Diagnosis: regular pelvic exams esp in women with a history of intrauerine DES exposure. Biopsy.
Treatment: depends on findings and pt age. Surgery, chemo, radiation therapy.
Vulvar Cancer
Definition, Risk Factors Pathophysiology, Diagnosis, Treatment
Definition: most often affecting labia majora, less often labia minora, clitoris, vaginal glands
Risk factors: HPV-16 (cause), HIV, HPV-18 (probable cause), aging, previous cancer, cervical cancer survivor, previous CIN, women with certain autoimmune conditions, immunosuppression, organ transplant recipients, tobacco use. Many sexual partners, first sexual intercourse at a young age, and history of abnormal pap tests. Any risk factors for STIs.
Pathophysiology: Majority are SCC. Development of vulvar cancer is preceded by condyloma or squamous dysplasia.
Dx/Tx: early detection is critical. Treatment includes surgery, radiationa, chemo, biologic therapy
Endometrial Cancer
Definition, Incidence/Risk Factors, Pathophysiology, Clinical Manifestations, Diagnosis, Treatment
Definition: most common type of uterine cancer and gynecologic malignancy, 6th most common cancer worldwide. Classified into Type I and II. Type I ~80% of cases,
Incidence/Risk Factors: highest in high income countries. Primary risk factor is unopposed estrogen exposure (without progesterone). Others factors: chronic hyperinsulinemia, hyperglycemia, body fatness, adult weight gain, chronic inflammation, lack of physical activity.
- Associated with T2DM
- most occur in postmenopausal women, peak incidence in late 50s early 60s
Pathophysiology: Endometrial hyperplasia associated with estrogenic stimulation of estrogen. Alterations in endometrial cancer:
- 1) altered estrogen receptor (ER) and progesterone receptor (PR) expression
- 2) genetic mutation causing loss of function of tumor-suppressor gene PTEN
- 3) pveractive PI3K/AKT signaling pathway which increases ability of the estrogen receptor to turn on the expression of target genes
- 4) gene mutation
Progesterone inhibits estrogen-driven growth in uterus so if there is atypical expression of the PR that it may be anti- or pro-proliferative of endometrium
Clinical Manifestations: **abnormal vaginal bleeding** most common. More advanced stages: pain and weight loss.
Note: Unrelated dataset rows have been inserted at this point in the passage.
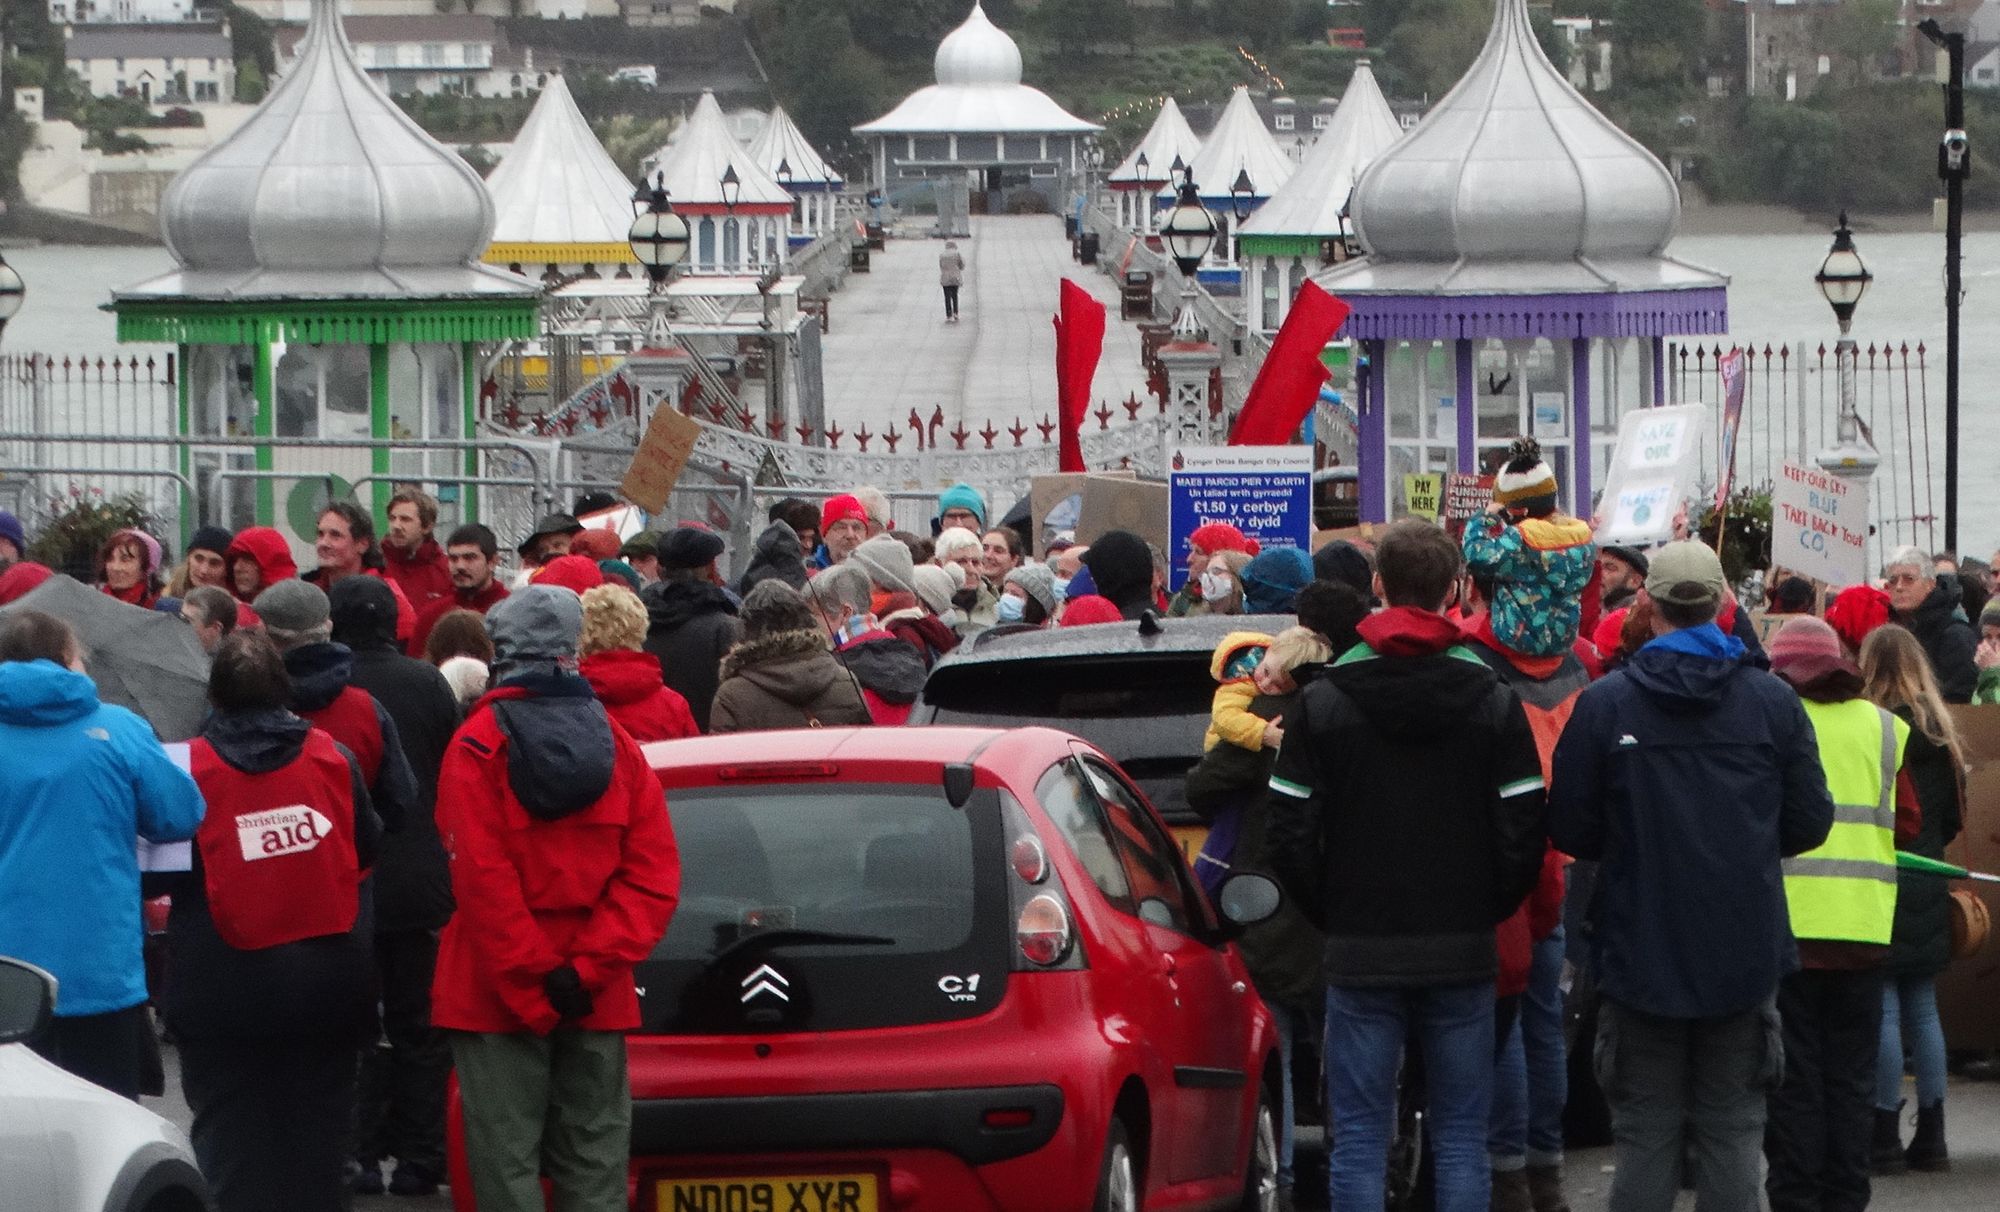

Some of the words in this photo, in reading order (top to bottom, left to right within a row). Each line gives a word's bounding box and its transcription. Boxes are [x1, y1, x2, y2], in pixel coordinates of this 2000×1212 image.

[1187, 458, 1212, 467] Cyngor
[1238, 458, 1264, 467] Bangor
[1266, 457, 1281, 467] City
[1283, 457, 1310, 465] Council
[1176, 478, 1203, 487] MAES
[1205, 477, 1239, 487] PARCIO
[1241, 477, 1262, 486] PIER
[1264, 477, 1272, 486] Y
[1273, 477, 1305, 486] GARTH
[1450, 475, 1479, 486] STOP
[1784, 464, 1806, 482] KEEP
[1808, 472, 1827, 490] OUR
[1414, 479, 1432, 493] PAY
[1188, 489, 1201, 498] Un
[1203, 489, 1228, 498] taliad
[1230, 489, 1250, 498] wrth
[1252, 489, 1292, 499] gyrraedd
[1193, 501, 1227, 513] £1.50
[1230, 503, 1239, 515] y
[1243, 501, 1288, 515] cerbyd
[1411, 497, 1435, 511] HERE
[1447, 497, 1491, 509] CLIMAT
[1248, 516, 1281, 529] dydd
[1781, 503, 1808, 527] TAKE
[1812, 513, 1838, 537] BACK
[238, 813, 299, 828] christian
[261, 811, 321, 853] aid
[938, 973, 981, 993] C1
[673, 1183, 774, 1212] ND09
[786, 1181, 861, 1212] XYR
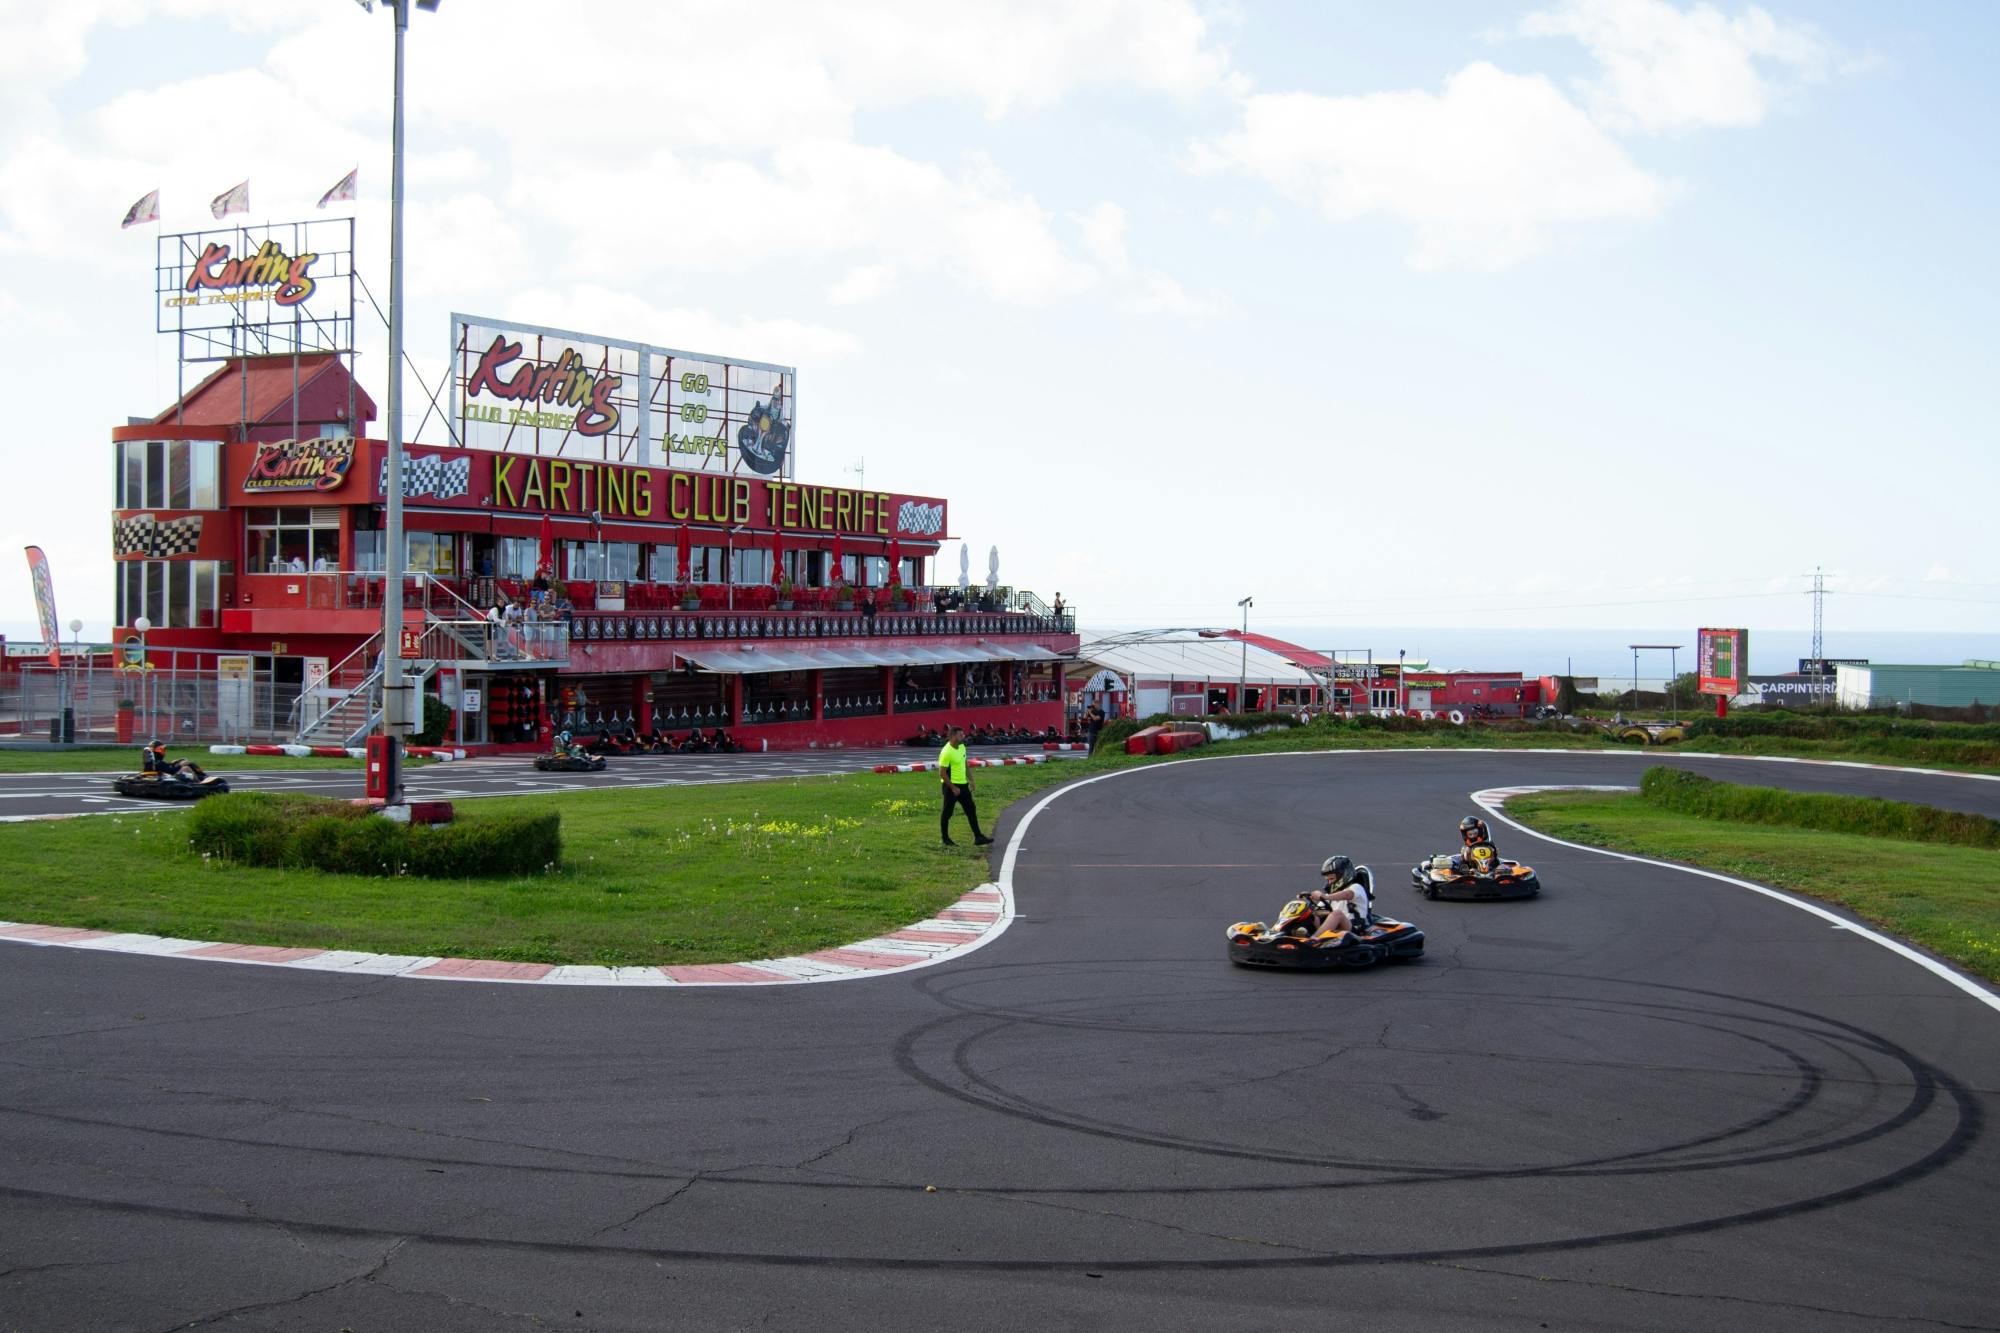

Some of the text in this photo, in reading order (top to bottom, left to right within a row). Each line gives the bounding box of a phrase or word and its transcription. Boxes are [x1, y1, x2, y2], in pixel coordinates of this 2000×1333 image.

Diagnosis: should be evaluated in postmenopausal, obese, or those with unopposed estrogen conditions (anovulatory cycles) if they have unscheduled or persistent, irregular vaginal bleeding. Biopsy if endometrial tissue is v thick.
Treatment: based on extent of disease - curettage for carcinoma in situ, hysterectomy, chemo, radiation

Ovarian Cancer
Incidence/Prevalence, Risk factors, Pathophysiology, Clinical Manifestations, Diagnosis, Treatment
Incidence/Prevalance: leading cause of mortality in gynecologic malignancies (more deaths than all other gyne malignancies combined). highest incidences in more developed regions.
Risk factors: advancing age, fenetics, family history, BMI (obesity), height, reproductive/hormonal factors, menopausal hormone therapy, endometriosis, diabetes, previous cancer, smoking, asbestos, talc-based powder, ionizing radiation
- Risk is reduced by factors that suppress ovulation (pregnancy, breastfeeding, combined hormonal contraceptive use)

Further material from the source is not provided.